*** Input data ***
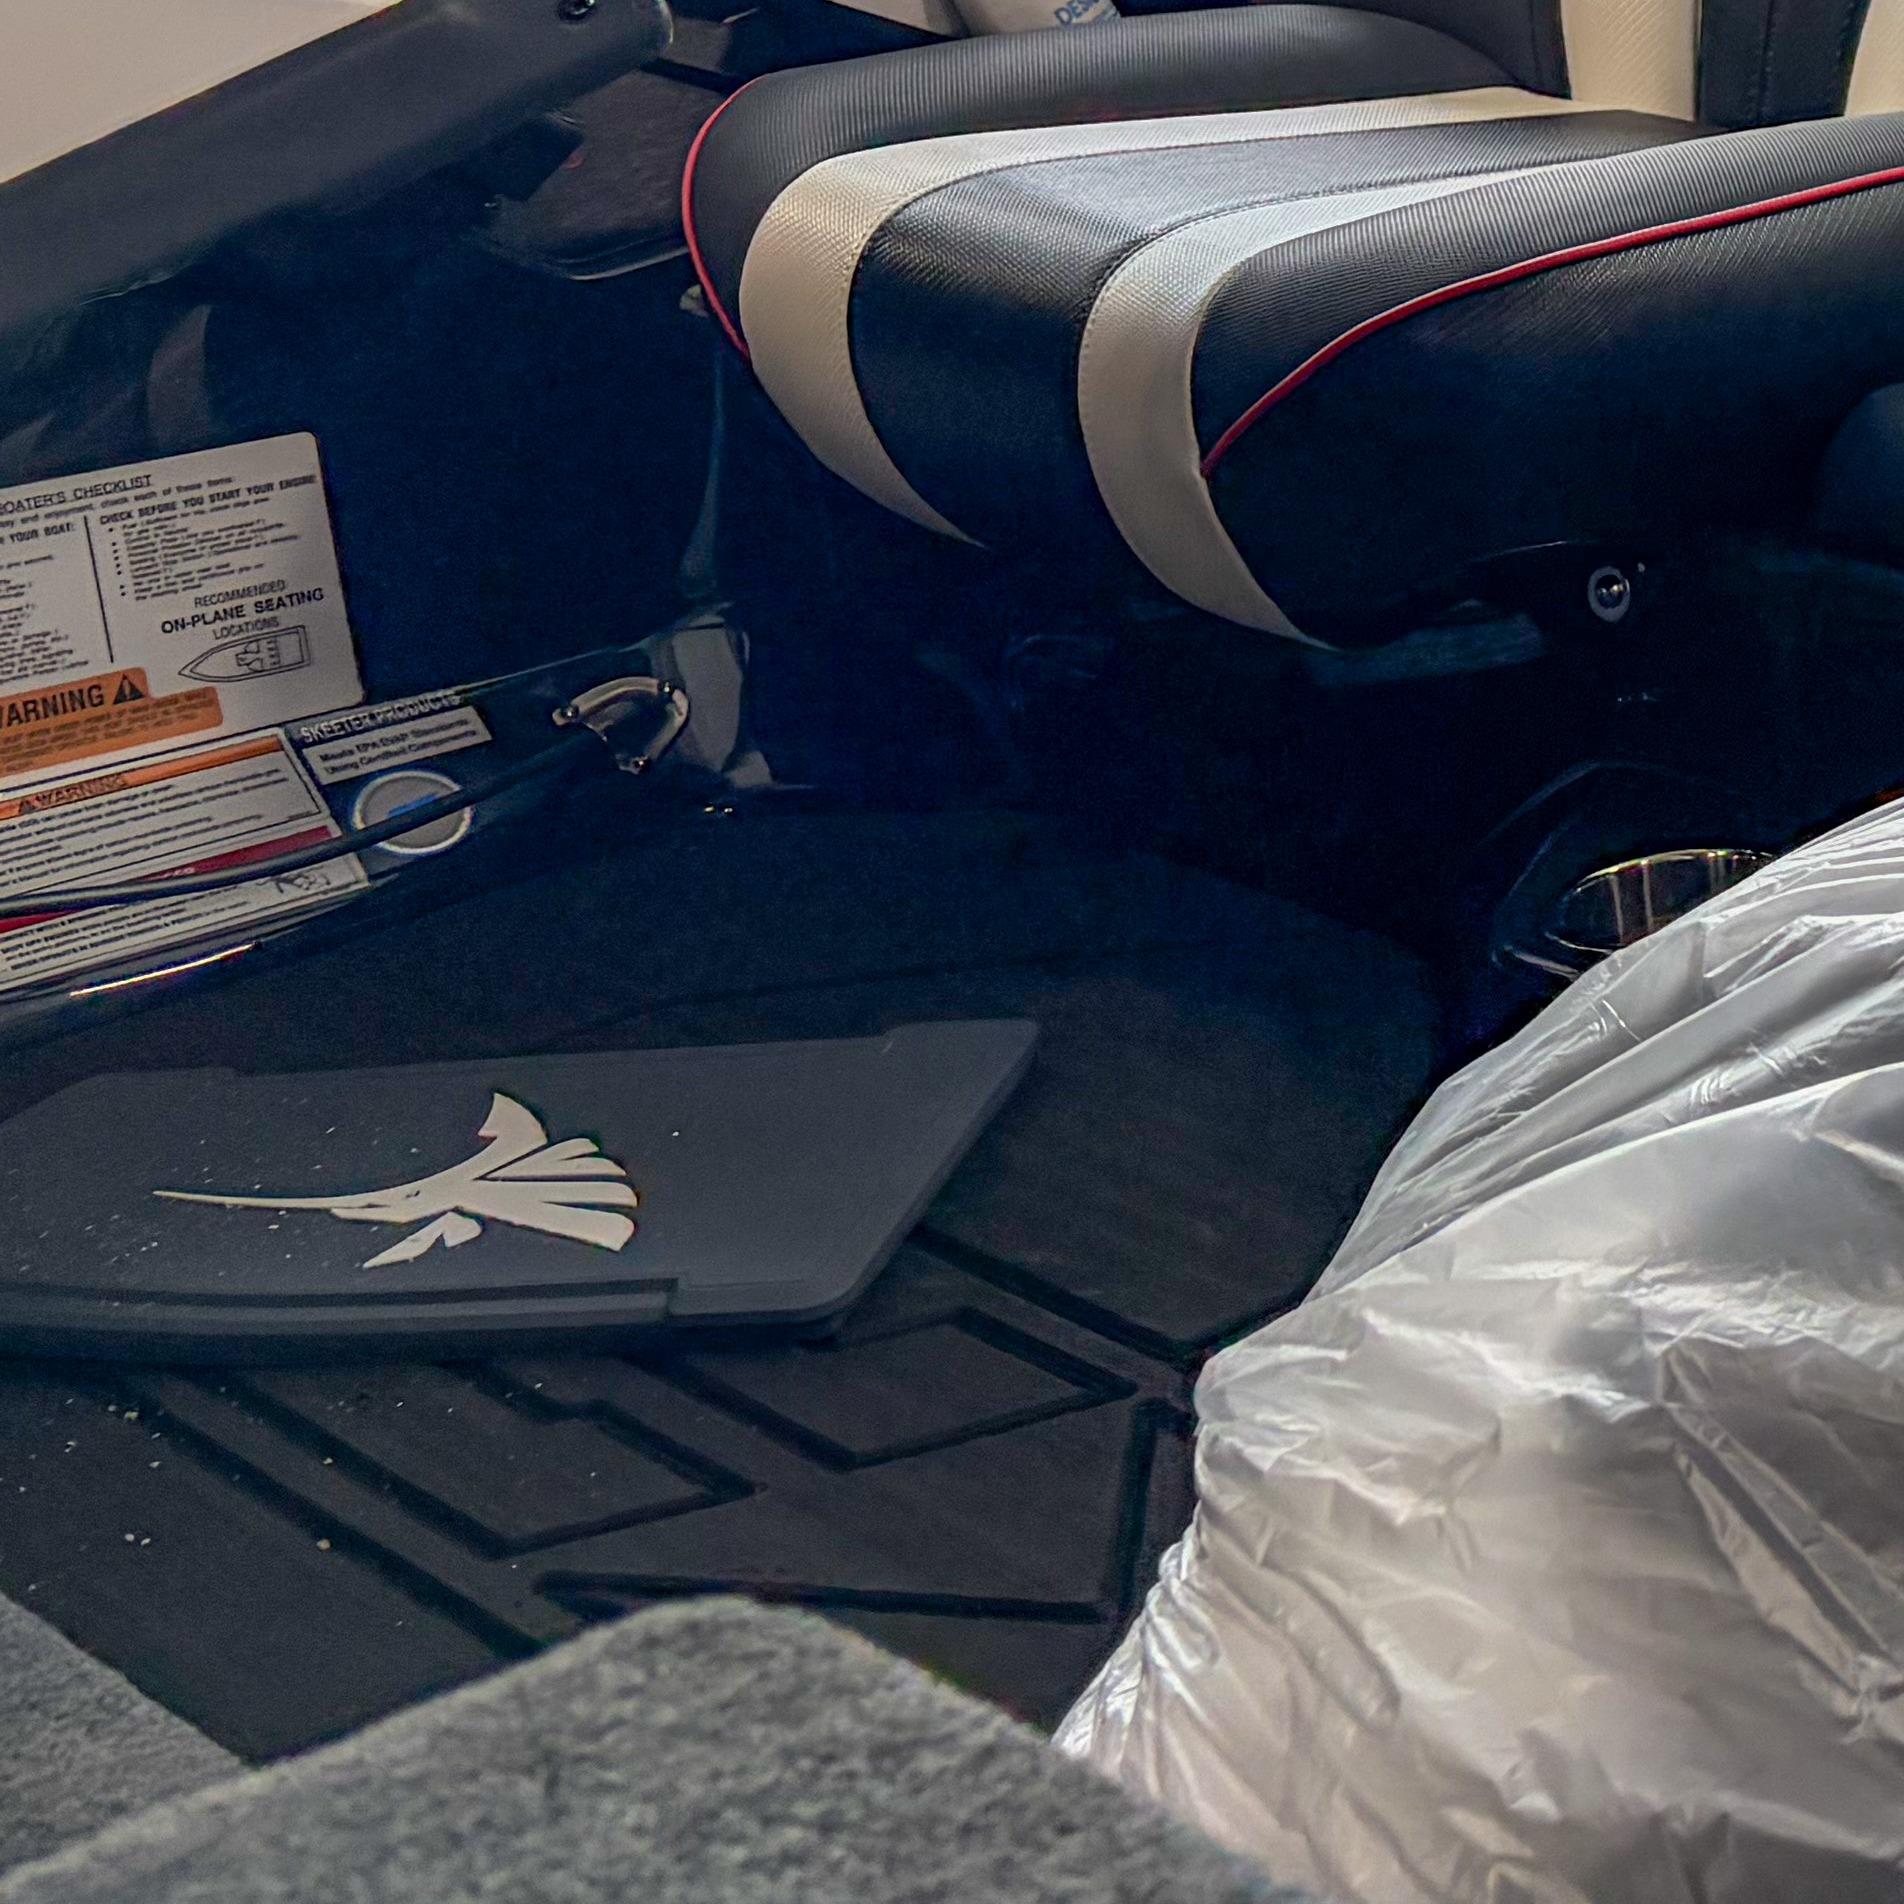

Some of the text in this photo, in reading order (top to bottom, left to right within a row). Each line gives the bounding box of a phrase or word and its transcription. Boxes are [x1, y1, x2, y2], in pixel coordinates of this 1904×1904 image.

[73, 473, 153, 501] CHECKLIST
[194, 579, 287, 608] RECOMMENDED
[161, 587, 324, 635] ON-PLANE SEATING
[212, 615, 280, 641] LOCATIONS
[0, 683, 105, 729] ARNING
*** End of Input data ***
Output the data exactly as it is, with the pictures dropped.

_Result of the task_
Some of the text in this photo, in reading order (top to bottom, left to right within a row). Each line gives the bounding box of a phrase or word and its transcription. Boxes are [x1, y1, x2, y2], in pixel coordinates of this 1904×1904 image.

[73, 473, 153, 501] CHECKLIST
[194, 579, 287, 608] RECOMMENDED
[161, 587, 324, 635] ON-PLANE SEATING
[212, 615, 280, 641] LOCATIONS
[0, 683, 105, 729] ARNING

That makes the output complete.